Torna ad invocare la legittima difesa Bettino Puritani, il 53enne che la sera del 1° giugno scorso, ad Esine, ha ucciso l’amico Vincenzo Arrigo, che stava scontando i domiciliari a casa sua. Con un nuovo avvocato al suo fianco, Puritani davanti ai Giudici del Riesame continua a sostenere di avere agito per difendersi dall’amico che, come hanno testimoniato le telecamere di sicurezza nei paraggi di via Mazzini, dove è avvenuto l’omicidio, era stato il primo ad impugnare la roncola, arma del delitto.

Michela Borra, nuovo legale di Puritani, ha chiesto così che il suo assistito, ora in carcere a Canton Mombello, possa andare ai domiciliari, a casa di uno dei fratelli.

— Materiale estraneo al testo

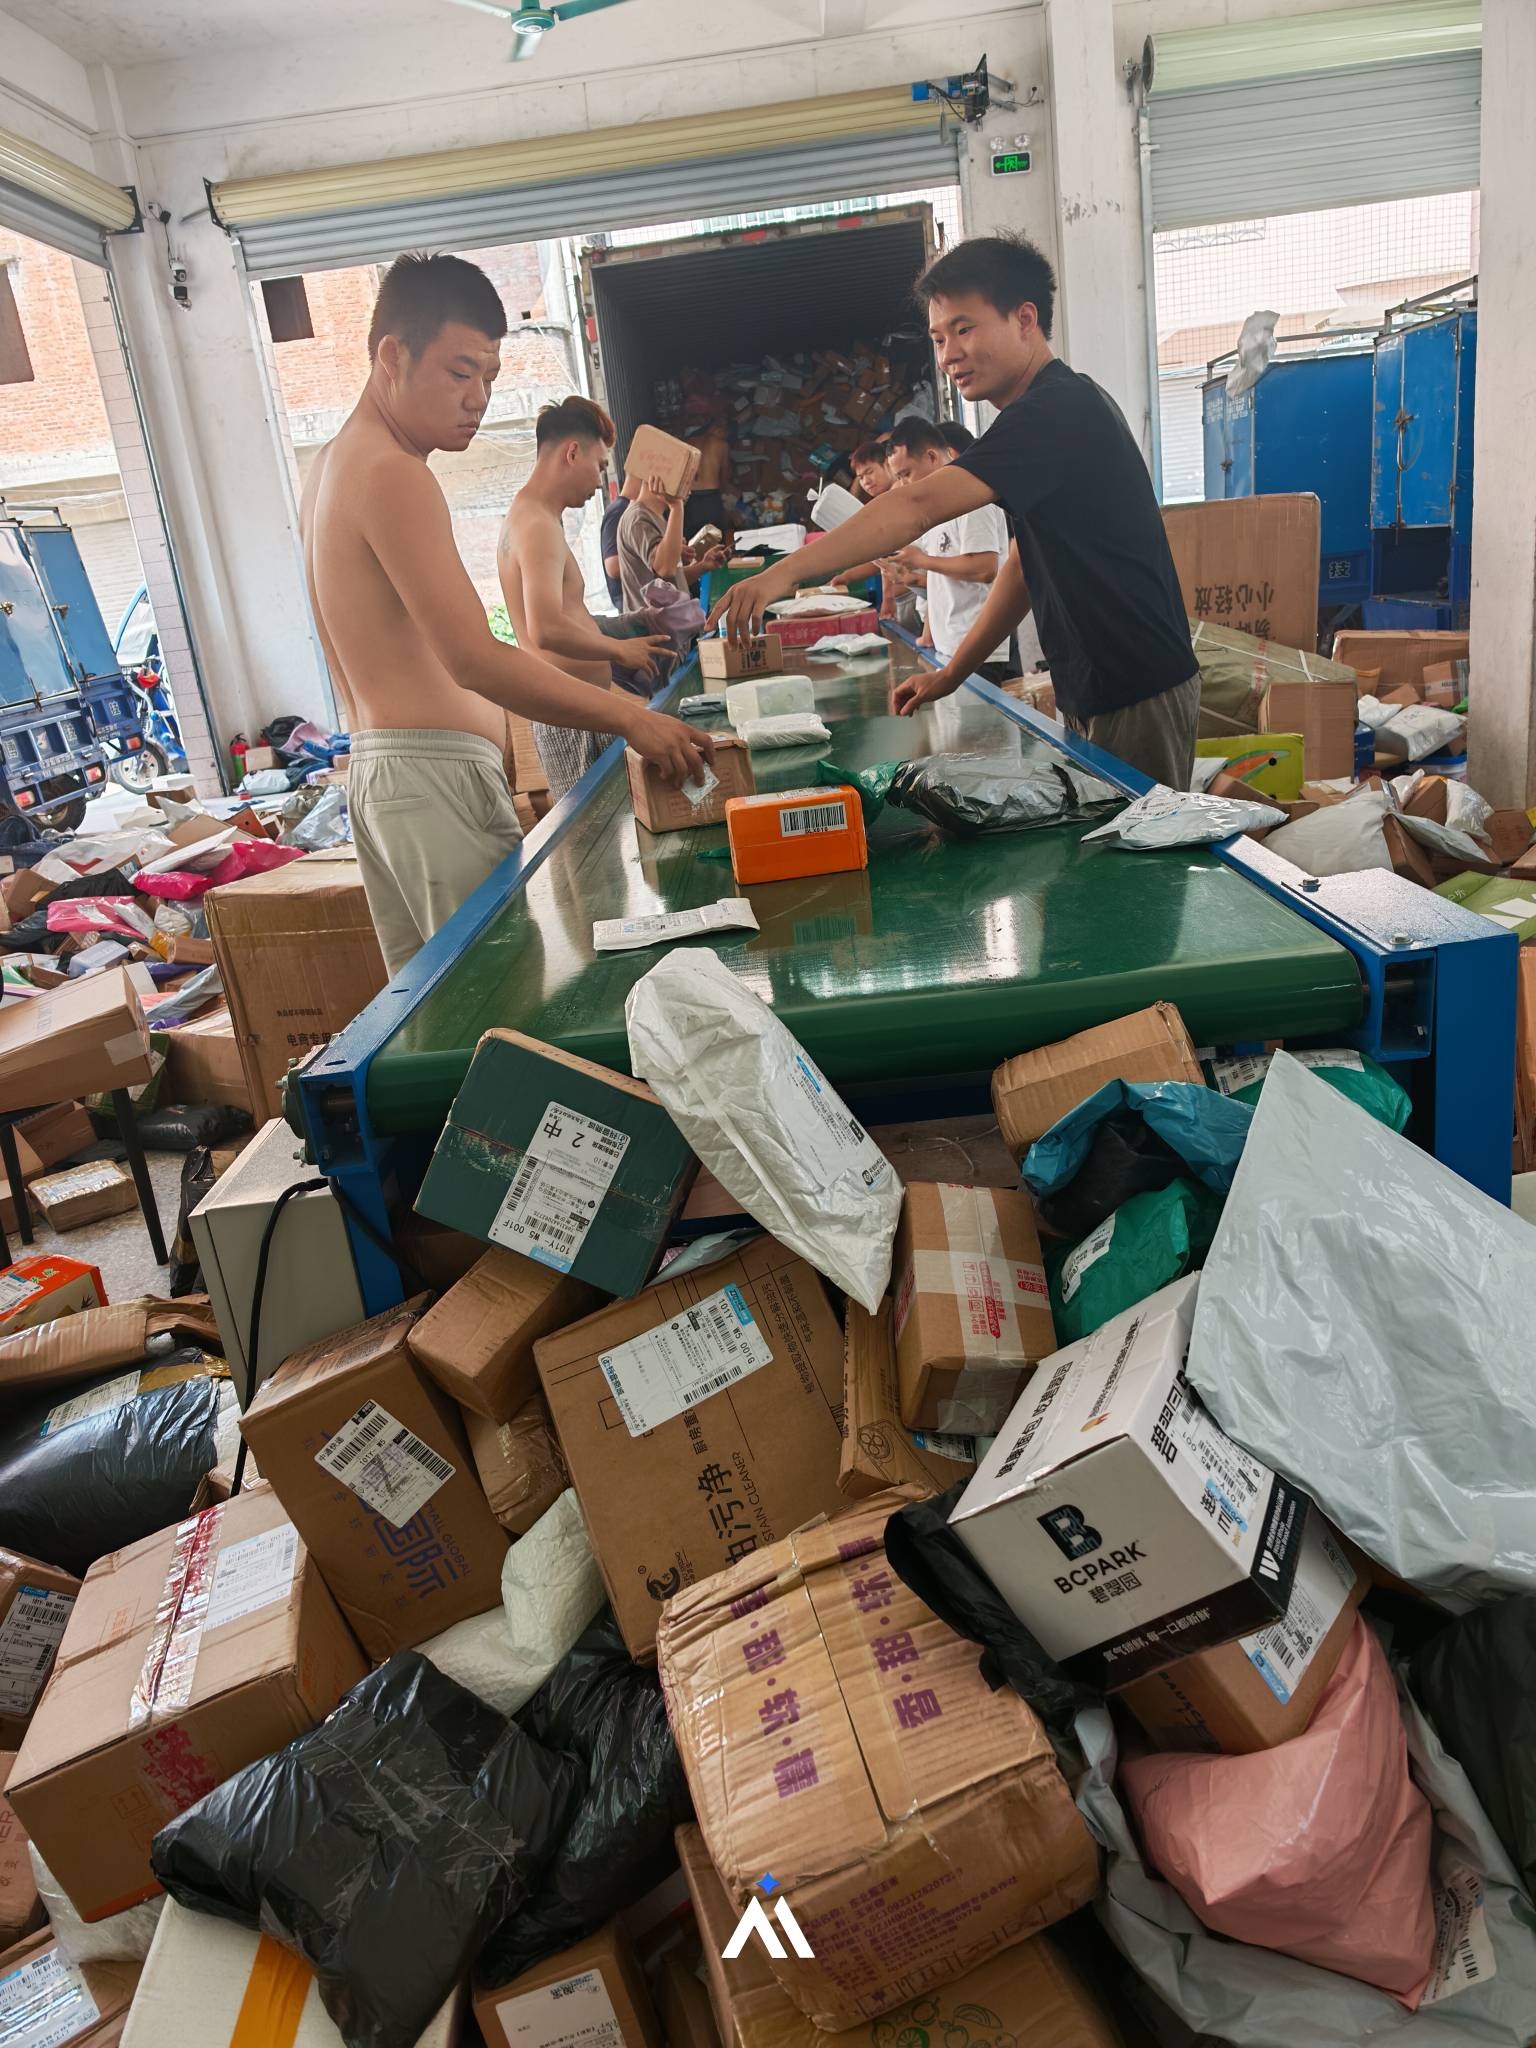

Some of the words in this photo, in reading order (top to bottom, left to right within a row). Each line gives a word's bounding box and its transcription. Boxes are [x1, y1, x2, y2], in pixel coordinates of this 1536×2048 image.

[1194, 582, 1274, 614] 小心轻放
[541, 1116, 565, 1141] 中
[569, 1130, 585, 1149] 2
[503, 1218, 525, 1233] 001F
[717, 1298, 734, 1324] 101Y-
[731, 1326, 743, 1340] W5
[739, 1341, 755, 1364] 001G
[760, 1280, 816, 1394] 植物提取物快速分解油污
[318, 1435, 344, 1461] 中通快递
[730, 1450, 760, 1505] CLEANER
[752, 1506, 774, 1542] STAIN
[1053, 1540, 1147, 1594] BCPARK
[1087, 1569, 1142, 1605] 碧翠园

Una richiesta che il giudice delle indagini preliminari aveva respinto, considerando il fatto che Puritani, di fronte all’aggressione di Arrigo, avrebbe potuto scappare invece di affrontarlo, sfilargli di mano la roncola ed ucciderlo.

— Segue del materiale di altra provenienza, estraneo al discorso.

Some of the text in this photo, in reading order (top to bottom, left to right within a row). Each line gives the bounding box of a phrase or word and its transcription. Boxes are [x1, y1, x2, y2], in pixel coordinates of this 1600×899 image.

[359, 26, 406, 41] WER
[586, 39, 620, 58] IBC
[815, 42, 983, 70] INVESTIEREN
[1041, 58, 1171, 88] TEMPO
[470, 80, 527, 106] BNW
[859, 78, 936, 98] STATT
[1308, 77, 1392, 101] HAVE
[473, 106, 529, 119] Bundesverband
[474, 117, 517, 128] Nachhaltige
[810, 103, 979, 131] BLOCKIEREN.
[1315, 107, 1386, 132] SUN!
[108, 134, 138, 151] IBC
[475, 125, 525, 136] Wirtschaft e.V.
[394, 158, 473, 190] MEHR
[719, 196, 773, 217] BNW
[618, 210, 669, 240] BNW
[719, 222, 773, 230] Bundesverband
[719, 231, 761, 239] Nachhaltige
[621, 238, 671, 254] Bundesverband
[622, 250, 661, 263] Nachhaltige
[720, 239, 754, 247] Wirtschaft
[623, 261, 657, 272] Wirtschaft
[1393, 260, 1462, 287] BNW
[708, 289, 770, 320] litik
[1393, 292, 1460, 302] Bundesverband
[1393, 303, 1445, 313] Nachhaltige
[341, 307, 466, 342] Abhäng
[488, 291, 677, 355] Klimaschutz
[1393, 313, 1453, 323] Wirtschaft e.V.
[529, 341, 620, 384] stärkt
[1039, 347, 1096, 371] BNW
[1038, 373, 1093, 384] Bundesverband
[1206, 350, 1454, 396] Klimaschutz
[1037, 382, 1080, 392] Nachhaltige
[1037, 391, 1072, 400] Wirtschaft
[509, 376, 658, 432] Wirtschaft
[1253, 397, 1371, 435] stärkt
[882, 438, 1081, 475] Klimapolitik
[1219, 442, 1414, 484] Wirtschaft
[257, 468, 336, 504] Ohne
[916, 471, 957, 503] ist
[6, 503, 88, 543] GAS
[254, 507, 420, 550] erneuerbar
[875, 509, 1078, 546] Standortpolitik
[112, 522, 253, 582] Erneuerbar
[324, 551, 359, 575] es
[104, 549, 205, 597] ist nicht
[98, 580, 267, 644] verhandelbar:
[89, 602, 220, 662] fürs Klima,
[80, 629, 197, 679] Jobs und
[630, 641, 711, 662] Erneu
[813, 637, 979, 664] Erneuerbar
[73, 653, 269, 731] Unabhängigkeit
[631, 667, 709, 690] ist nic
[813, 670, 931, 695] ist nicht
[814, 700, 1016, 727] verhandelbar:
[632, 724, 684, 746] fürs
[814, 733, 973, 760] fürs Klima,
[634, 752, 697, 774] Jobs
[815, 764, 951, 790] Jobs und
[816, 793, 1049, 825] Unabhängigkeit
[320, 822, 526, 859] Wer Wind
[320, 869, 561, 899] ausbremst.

A far vacillare la posizione di Puritani anche l’autopsia sul corpo della vittima: secondo un consulente del Pm, infatti, nella prima relazione autoptica risulterebbe che Arrigo sia stato strangolato. Il Tribunale del Riesame, ora, sta valutando la richiesta di domiciliari del nuovo legale di Puritani.